This is a continuation of articles on Infrastructure-as-code. This one talks about locking of resources. Locks, policies and IaC sometimes compete to provide protection to resources and can overstep on each other with conflicts that require resolution. Each of them has a part to play and cannot be done away with and the hope is that each pipeline run is smooth and leaves a clean state after its run.

This might be wishful thinking when resources that need to be created, modified or deleted have sub-resources or are associated with other resources. With such dependencies, operations might result in an error that states that one or the other has locks on it. Locking is essential to prevent any accidental modifications to the resources. It is assumed that authorized operations will be able to unlock the resources prior to the change and then lock afterwards. With the example of a private endpoint on an Azure public cloud resource to provide private ip address for incoming traffic, associated resources including the parent resource, private links and dns zones might all get locked.

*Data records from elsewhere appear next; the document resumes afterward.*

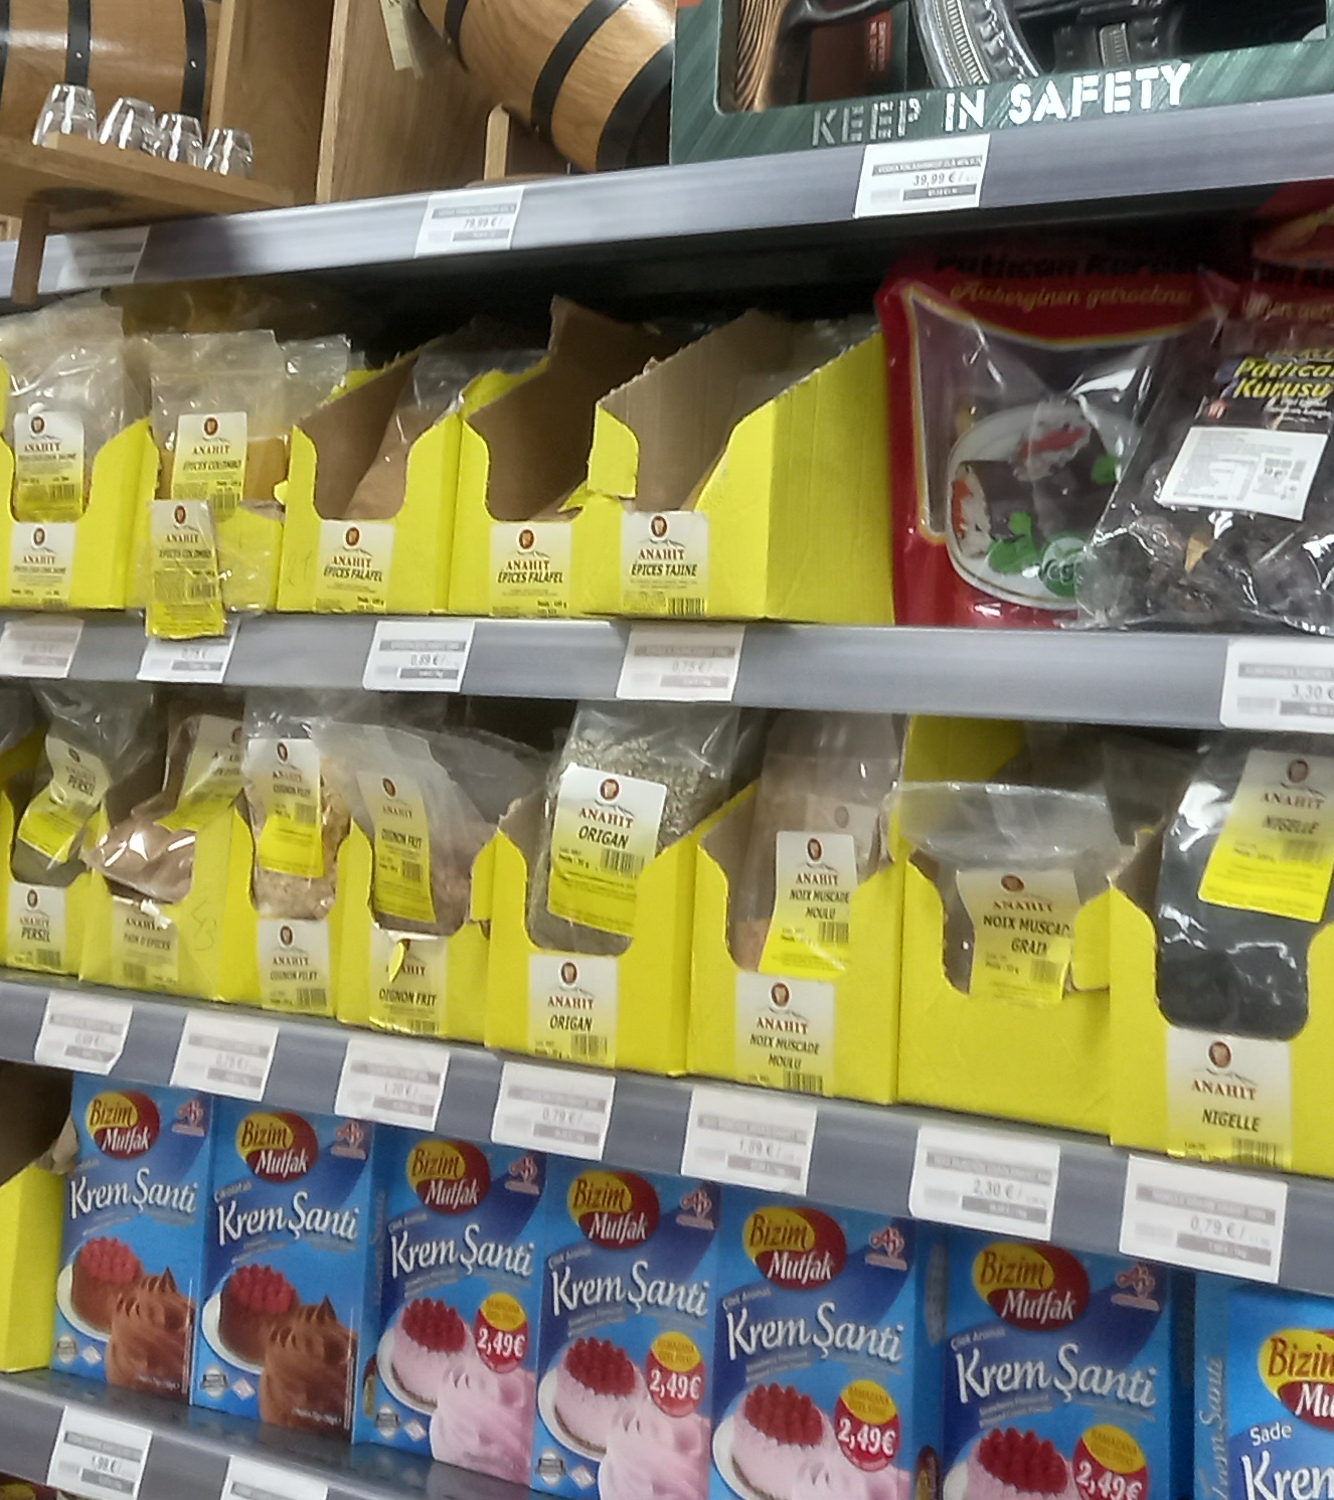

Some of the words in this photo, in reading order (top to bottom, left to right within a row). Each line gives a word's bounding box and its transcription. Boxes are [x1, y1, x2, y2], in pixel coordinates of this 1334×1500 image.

[812, 97, 922, 148] KEEP
[944, 88, 985, 133] IN
[1008, 62, 1192, 127] SAFETY
[332, 555, 373, 568] ANAHIT
[506, 560, 551, 572] ANAHIT
[638, 548, 685, 561] ANAHIT
[528, 570, 564, 584] FALAFEL
[665, 563, 698, 577] TAJINE
[1262, 792, 1326, 810] ANAHIT
[579, 808, 634, 829] ANAHIT
[578, 824, 629, 850] ORIGAN
[796, 873, 839, 886] ANAHIT
[983, 915, 1015, 930] NOIX
[547, 995, 594, 1011] ANAHIT
[549, 1014, 593, 1032] ORIGAN
[756, 1016, 809, 1035] ANAHIT
[749, 1033, 775, 1049] NOIX
[774, 1037, 820, 1056] MUSCADE
[768, 1053, 802, 1070] MOULU
[1191, 1078, 1257, 1101] ANAHIT
[89, 1097, 134, 1127] Bizim
[1201, 1107, 1261, 1133] NIGELLE
[101, 1125, 151, 1155] Mutfak
[240, 1119, 289, 1149] Bizim
[254, 1148, 309, 1179] Mutfak
[411, 1148, 460, 1179] Bizim
[71, 1175, 131, 1220] Krem
[132, 1167, 199, 1214] Şanti
[424, 1179, 481, 1211] Mutfak
[573, 1178, 628, 1213] Bizim
[217, 1200, 288, 1247] Krem
[288, 1190, 361, 1241] Şanti
[588, 1211, 649, 1245] Mutfak
[748, 1213, 810, 1251] Bizim
[1190, 1215, 1222, 1234] 0,79
[391, 1230, 460, 1280] Krem
[459, 1223, 536, 1278] Şanti
[766, 1249, 835, 1286] Mutfak
[979, 1250, 1047, 1289] Bizim
[551, 1266, 627, 1317] Krem
[627, 1260, 712, 1318] Şanti
[1000, 1288, 1076, 1325] Mutfak
[477, 1327, 527, 1360] 2,49€
[726, 1306, 811, 1361] Krem
[812, 1301, 906, 1364] Şanti
[649, 1368, 704, 1401] 2,49€
[955, 1347, 1052, 1404] Krem
[1052, 1342, 1159, 1409] Şanti
[837, 1417, 898, 1456] 2,49€
[1249, 1420, 1294, 1447] Sade

Only when all the locks are released, will the operations succeed.  This makes it hard to know upfront which locks to acquire and release.

One of the approaches with pipeline automations is the cascaded unlocking of all resources in a resource hierarchy such as a resource group or subscription level. Since the identity with which the Azure operations are performed must be privileged. Only the Owner and User Access Administrator built-in roles can create and delete management locks. The corresponding permissions belong to the Microsoft.Authorization/* or Microsoft.Authorization/locks/* organizational prefix. Custom roles having these permissions could also be sufficient. It might be time consuming to go through all the resources and sub-resources in a resource hierarchy to unlock them first before the operations begin and to lock them at the end and often includes some wait time to be specified in the script. But this leaves the resources in a clean state for the changes to be propagated from the IaC to the management portal for these resources. It is also possible to conditionally run these for changes that carry certain labels or distinguishing features such as a filter on operations.

A policy might act like a catch-all to apply locking where locks are missed out from resources but a policy on the Azure public cloud has a compliance interval of 24 hours. It is also a default allow and explicit deny system If a resource violates a policy, it is marked as non-compliant. The effects that a policy takes are detection or prevention. The IaC code is the ultimate source of truth for the resources and there are ways to specify locks in the IaC for resources that must behave independently from the collective approach taken by the policy. Anytime a policy changes the locks and the IaC is unaware, there is a conflict. It is preferable to keep locking as simple as possible without any customizations for any subset of resources so that the pipeline automation is sufficient to co-ordinate the locking and unlocking.

Finally, it is much easier to do locking and unlocking with command-line interface than execute it elsewhere. Both pipeline scripts and public cloud automations can execute these commands and although Runbooks might not be able to execute them in PowerShell, the az cli can certainly be run via functions or such other resources. Invoking a script for locking or unlocking does not require a resource or its state to change.